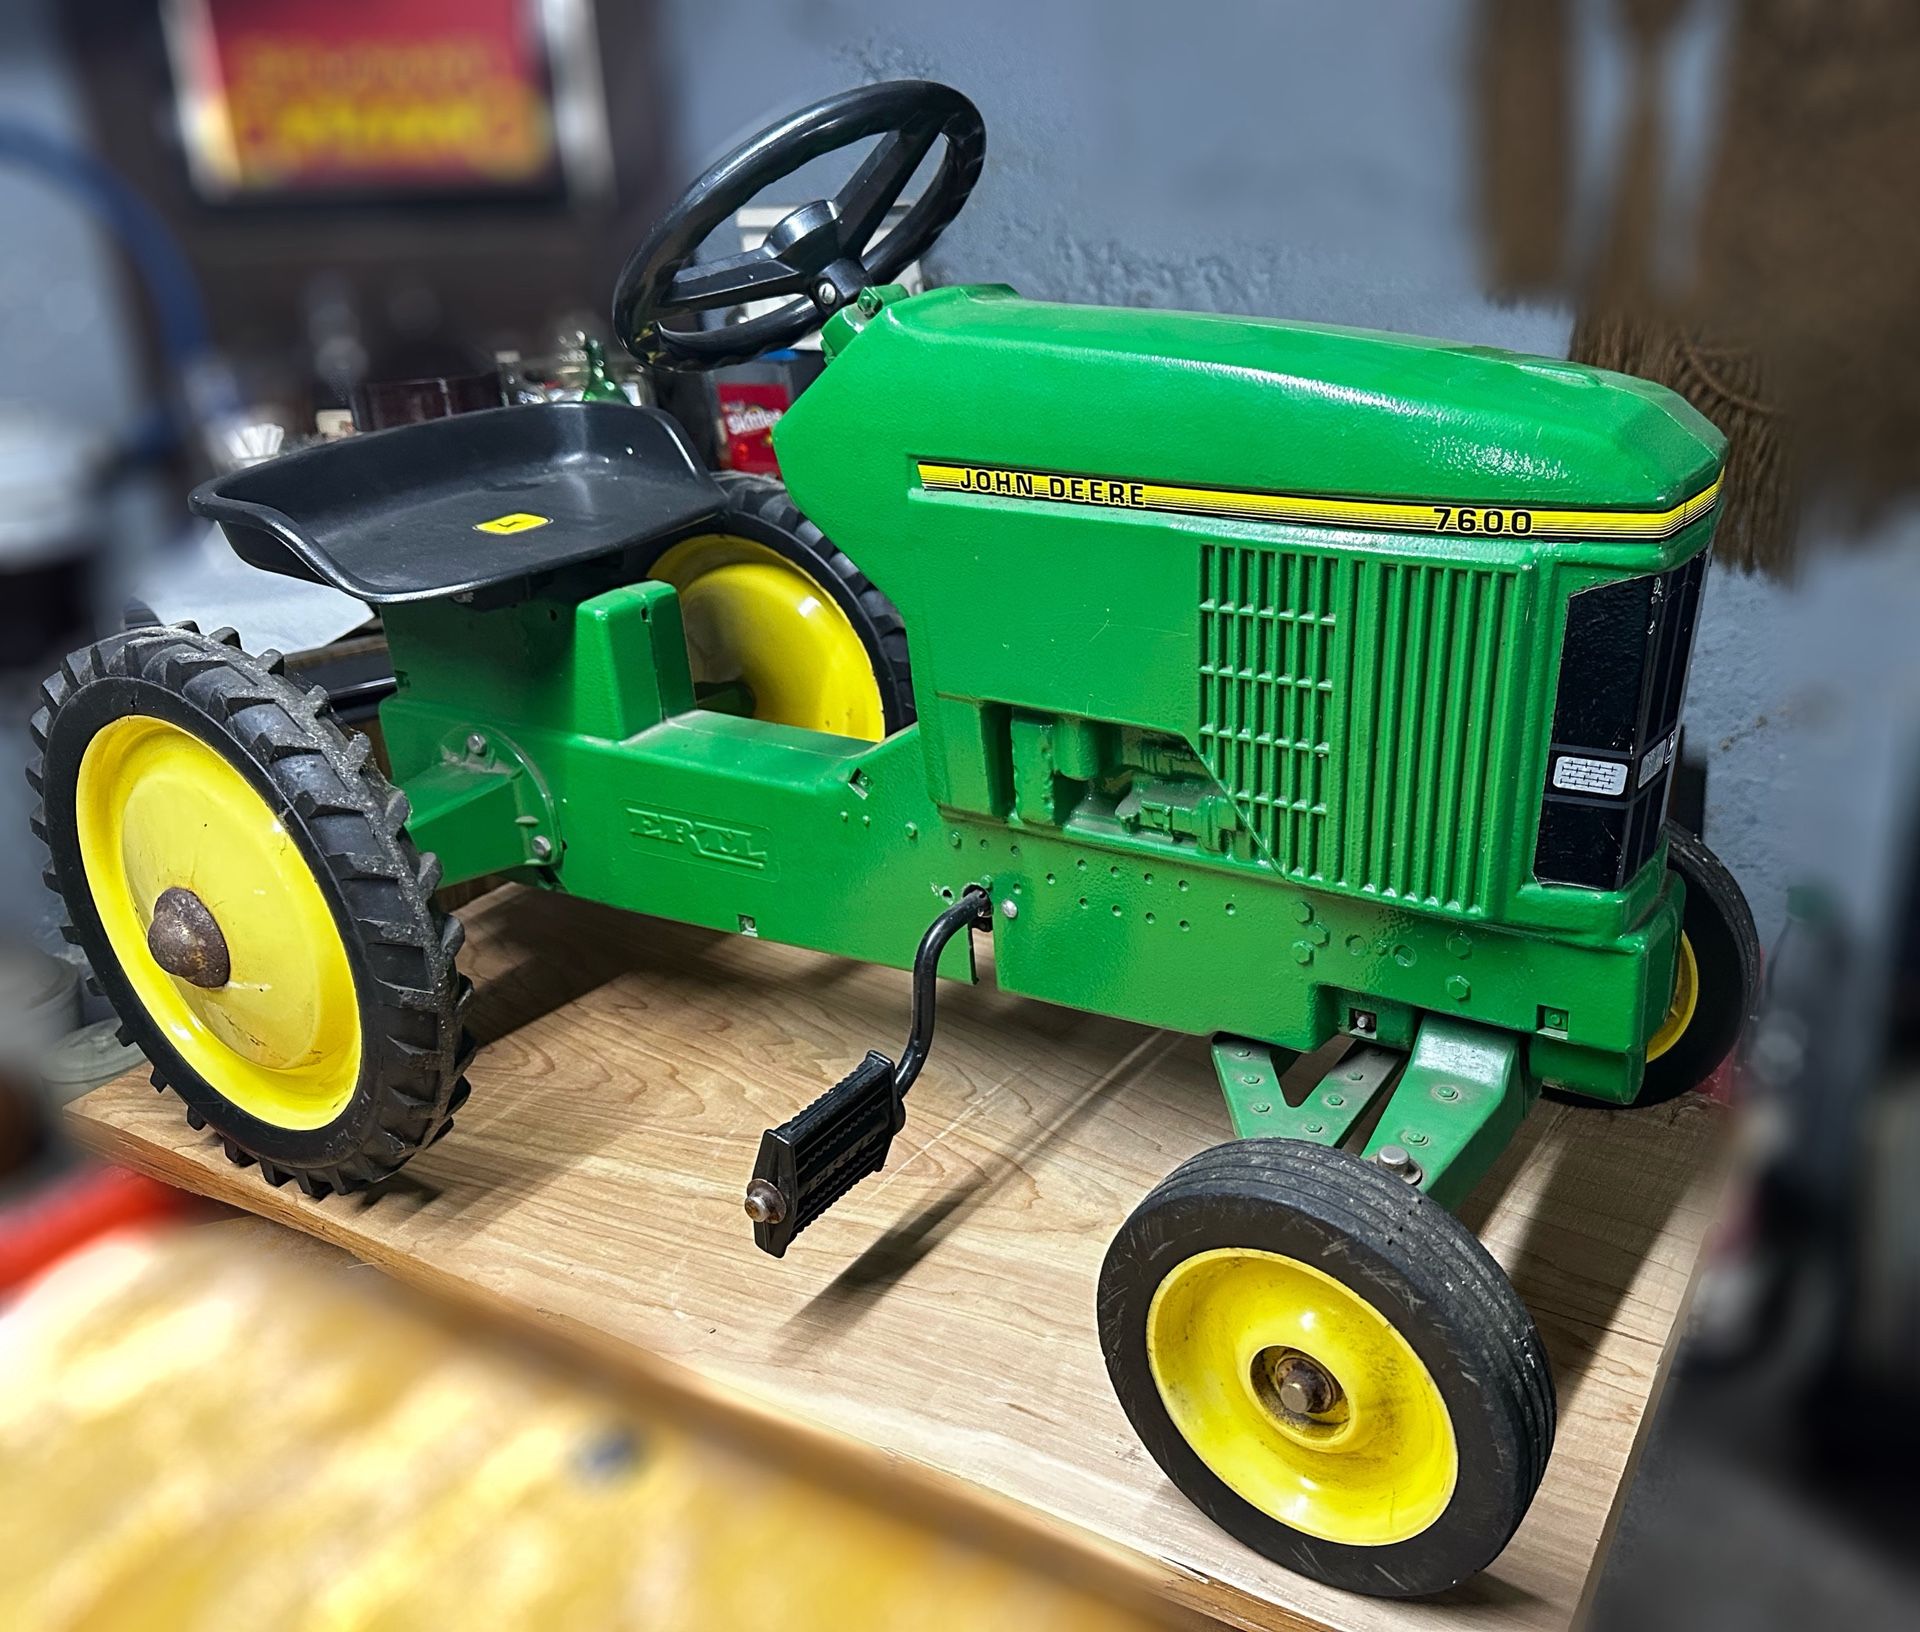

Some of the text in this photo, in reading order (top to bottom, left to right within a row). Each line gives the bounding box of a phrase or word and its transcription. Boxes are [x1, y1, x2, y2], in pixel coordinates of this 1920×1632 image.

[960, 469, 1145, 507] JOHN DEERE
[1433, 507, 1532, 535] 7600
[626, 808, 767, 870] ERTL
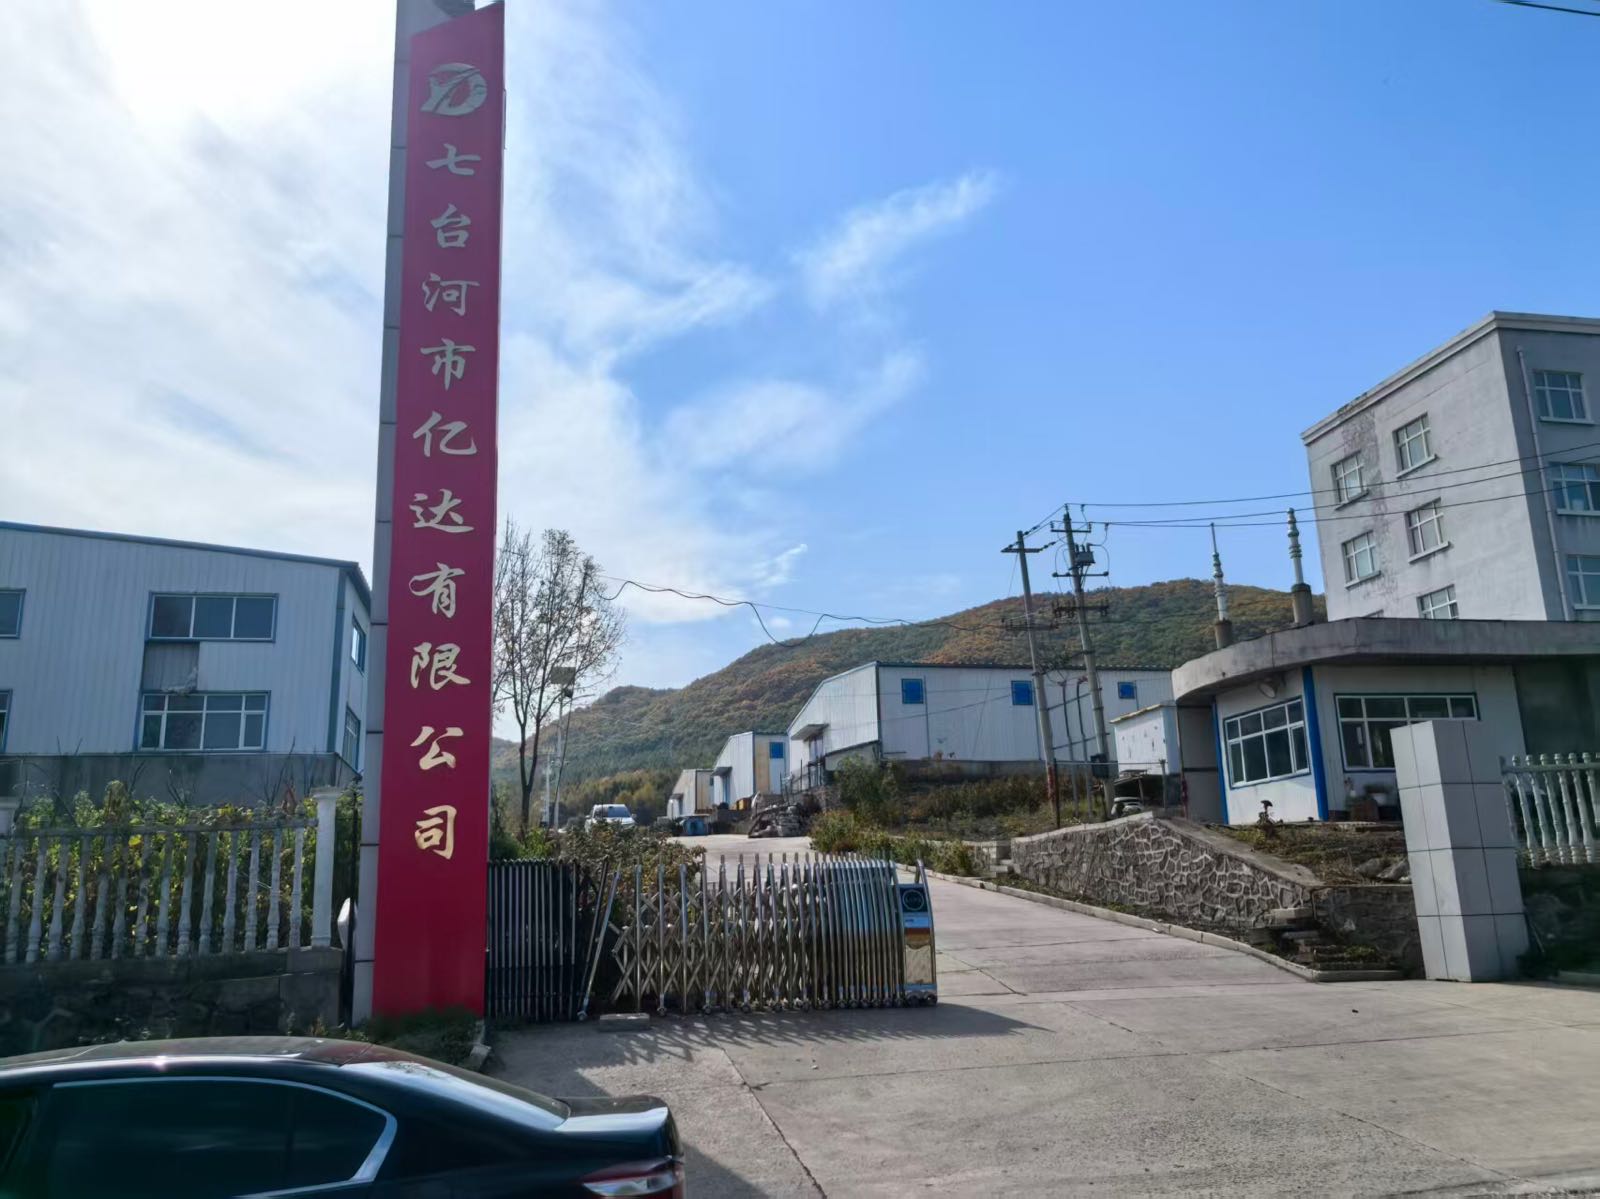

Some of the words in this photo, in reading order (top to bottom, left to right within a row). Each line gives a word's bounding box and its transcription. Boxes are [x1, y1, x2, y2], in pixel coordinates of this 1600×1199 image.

* * *

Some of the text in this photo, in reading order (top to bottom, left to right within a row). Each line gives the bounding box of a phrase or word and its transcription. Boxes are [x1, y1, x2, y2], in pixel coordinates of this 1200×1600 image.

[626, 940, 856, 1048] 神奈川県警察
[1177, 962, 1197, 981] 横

# [YOUR INSTRUCTIONS]
Exact copy, no pictures. Write out the lines in the entries above, starting with the line with "this 1920×1632 image." and going on through the line with "Some of the words", keeping both.

# [RESULT FOR THIS EXERCISE]
Some of the text in this photo, in reading order (top to bottom, left to right within a row). Each line gives the bounding box of a phrase or word and its transcription. Boxes are [x1, y1, x2, y2], in pixel coordinates of this 1920×1632 image.

[960, 469, 1145, 507] JOHN DEERE
[1433, 507, 1532, 535] 7600
[626, 808, 767, 870] ERTL

Some of the words in this photo, in reading order (top to bottom, left to right within a row). Each line gives a word's bounding box and its transcription. Boxes are [x1, y1, x2, y2], in pixel coordinates of this 1600×1199 image.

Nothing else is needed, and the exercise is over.